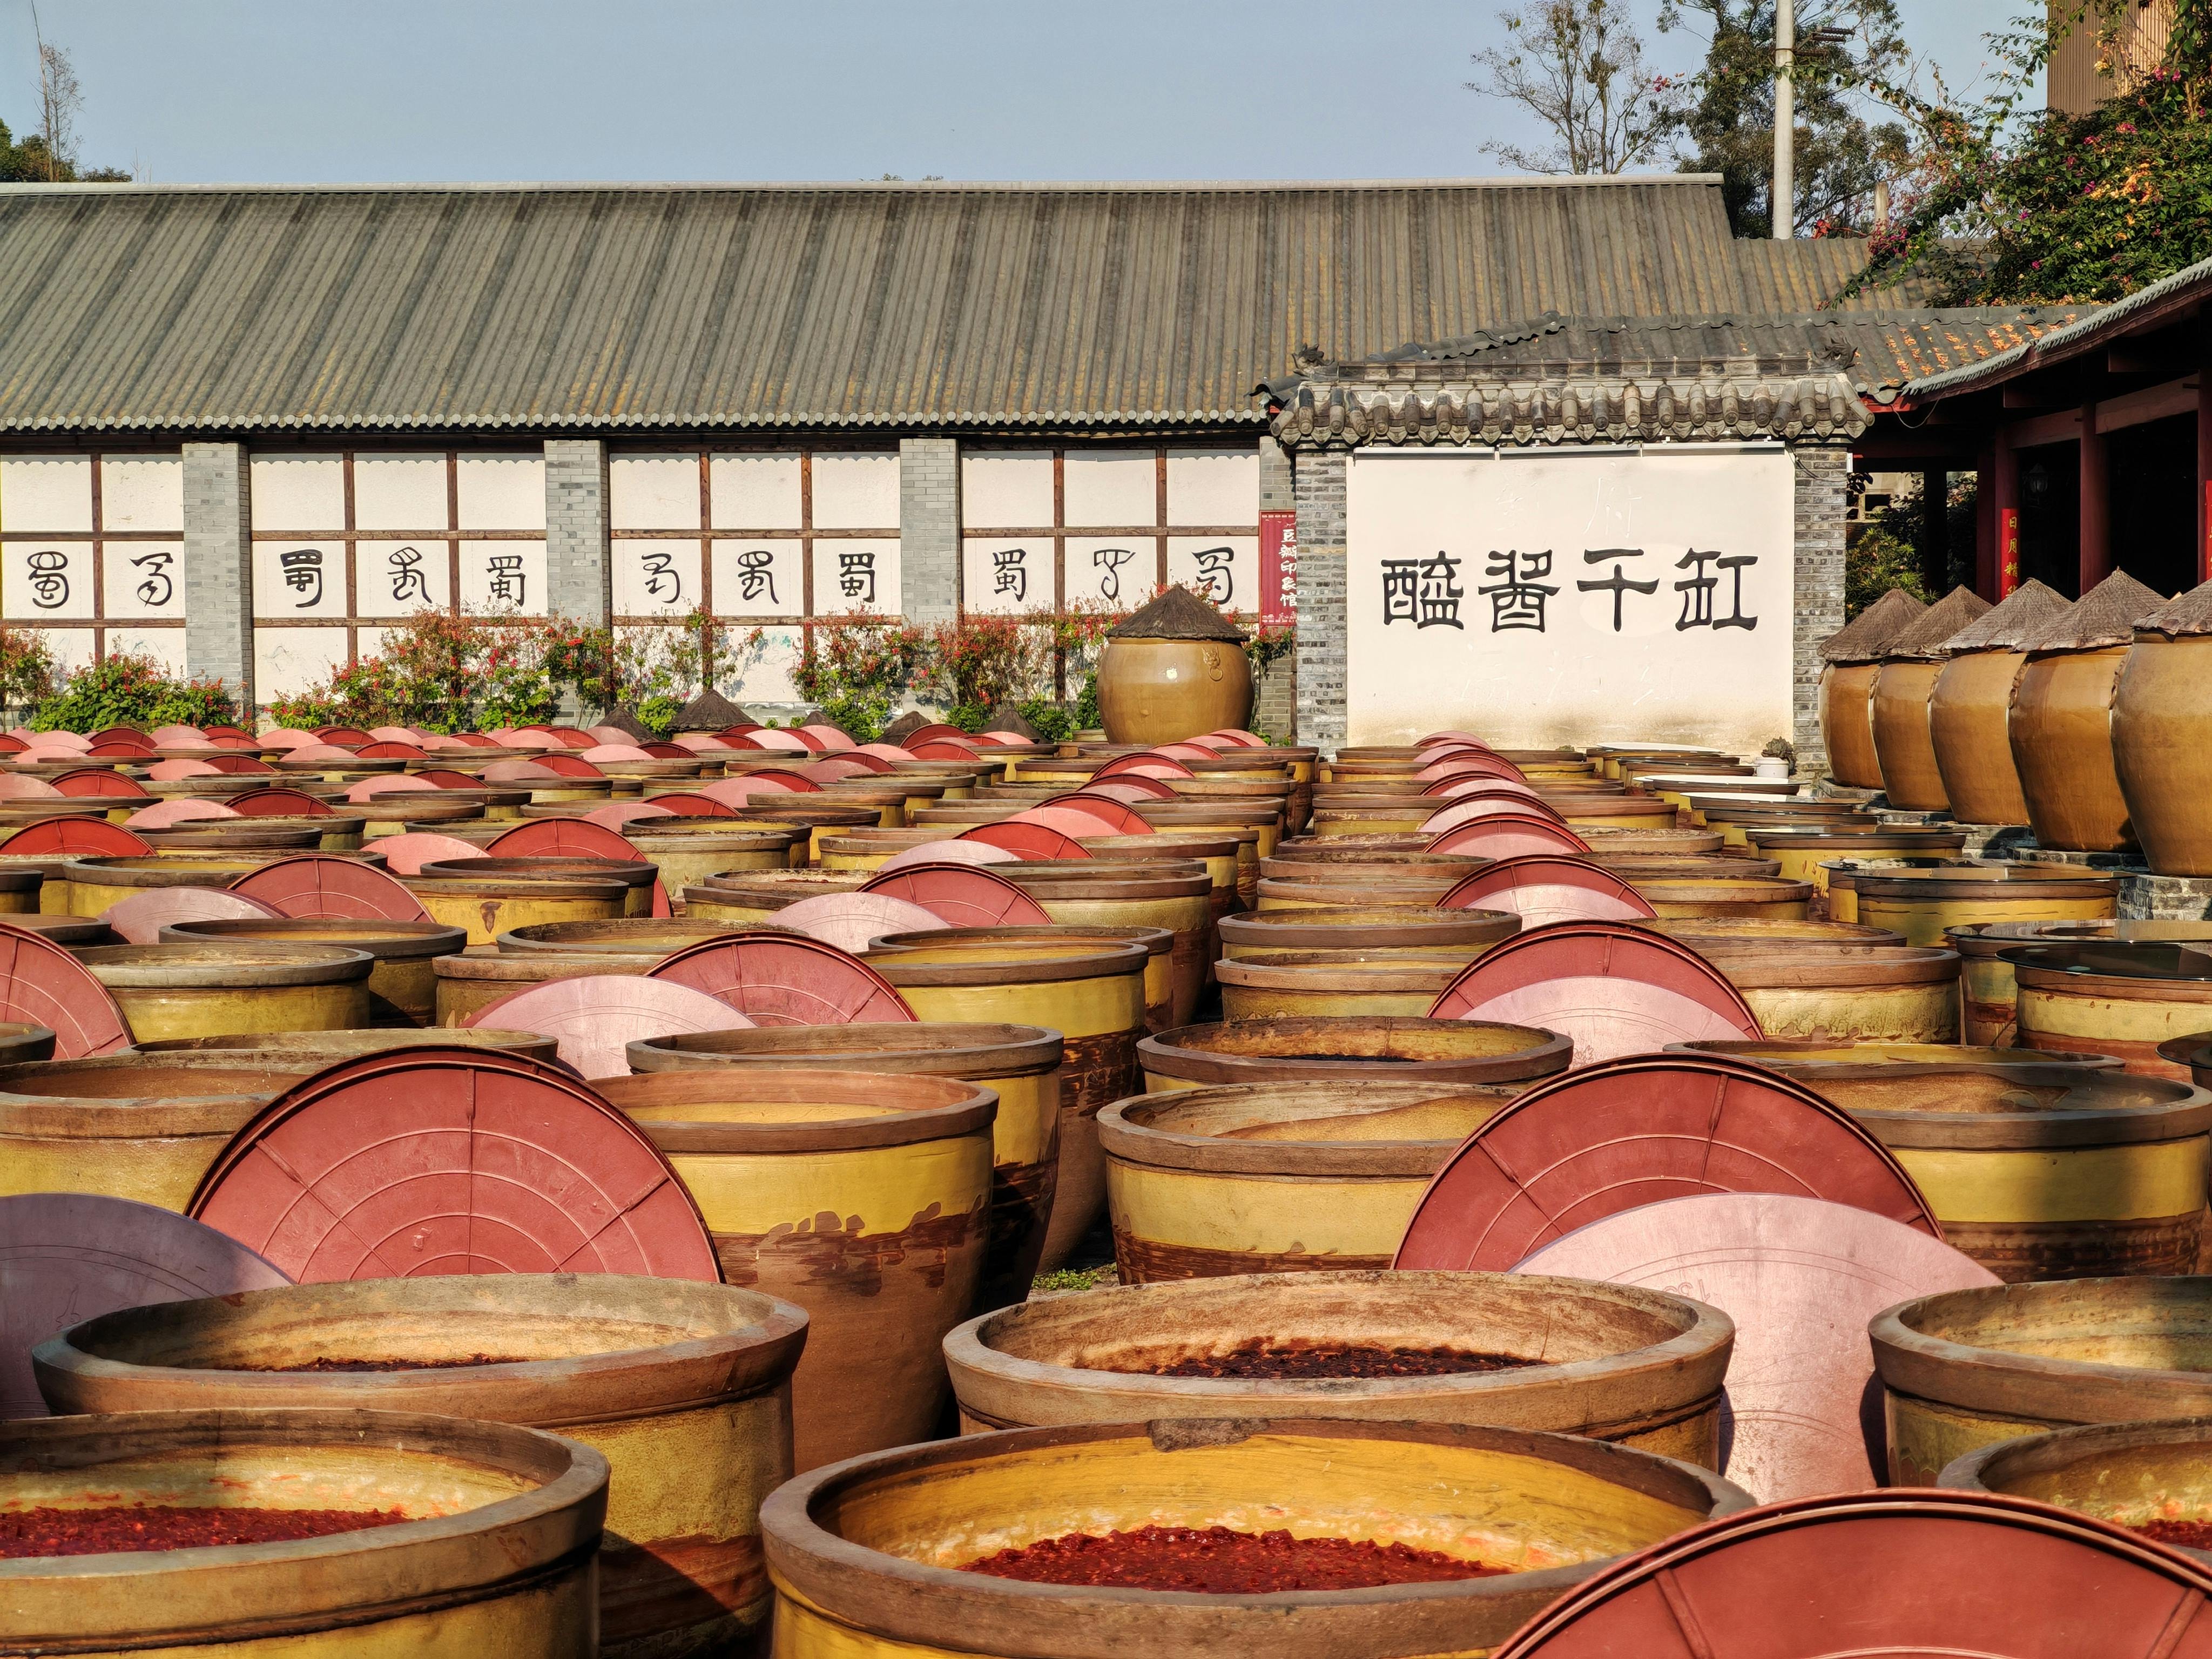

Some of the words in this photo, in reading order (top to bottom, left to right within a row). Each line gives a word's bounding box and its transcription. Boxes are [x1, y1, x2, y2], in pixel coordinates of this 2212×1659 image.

[28, 551, 69, 608] 蜀
[280, 550, 322, 608] 蜀
[487, 556, 525, 606] 蜀
[839, 553, 875, 603] 蜀
[993, 549, 1026, 601] 蜀
[1278, 529, 1297, 607] 豆瓣印象馆

→ **Problem**: Pictures excluded, set down all the entries exactly.

→ **Response for this exercise**:
Some of the words in this photo, in reading order (top to bottom, left to right within a row). Each line gives a word's bounding box and its transcription. Boxes are [x1, y1, x2, y2], in pixel coordinates of this 2212×1659 image.

[28, 551, 69, 608] 蜀
[280, 550, 322, 608] 蜀
[487, 556, 525, 606] 蜀
[839, 553, 875, 603] 蜀
[993, 549, 1026, 601] 蜀
[1278, 529, 1297, 607] 豆瓣印象馆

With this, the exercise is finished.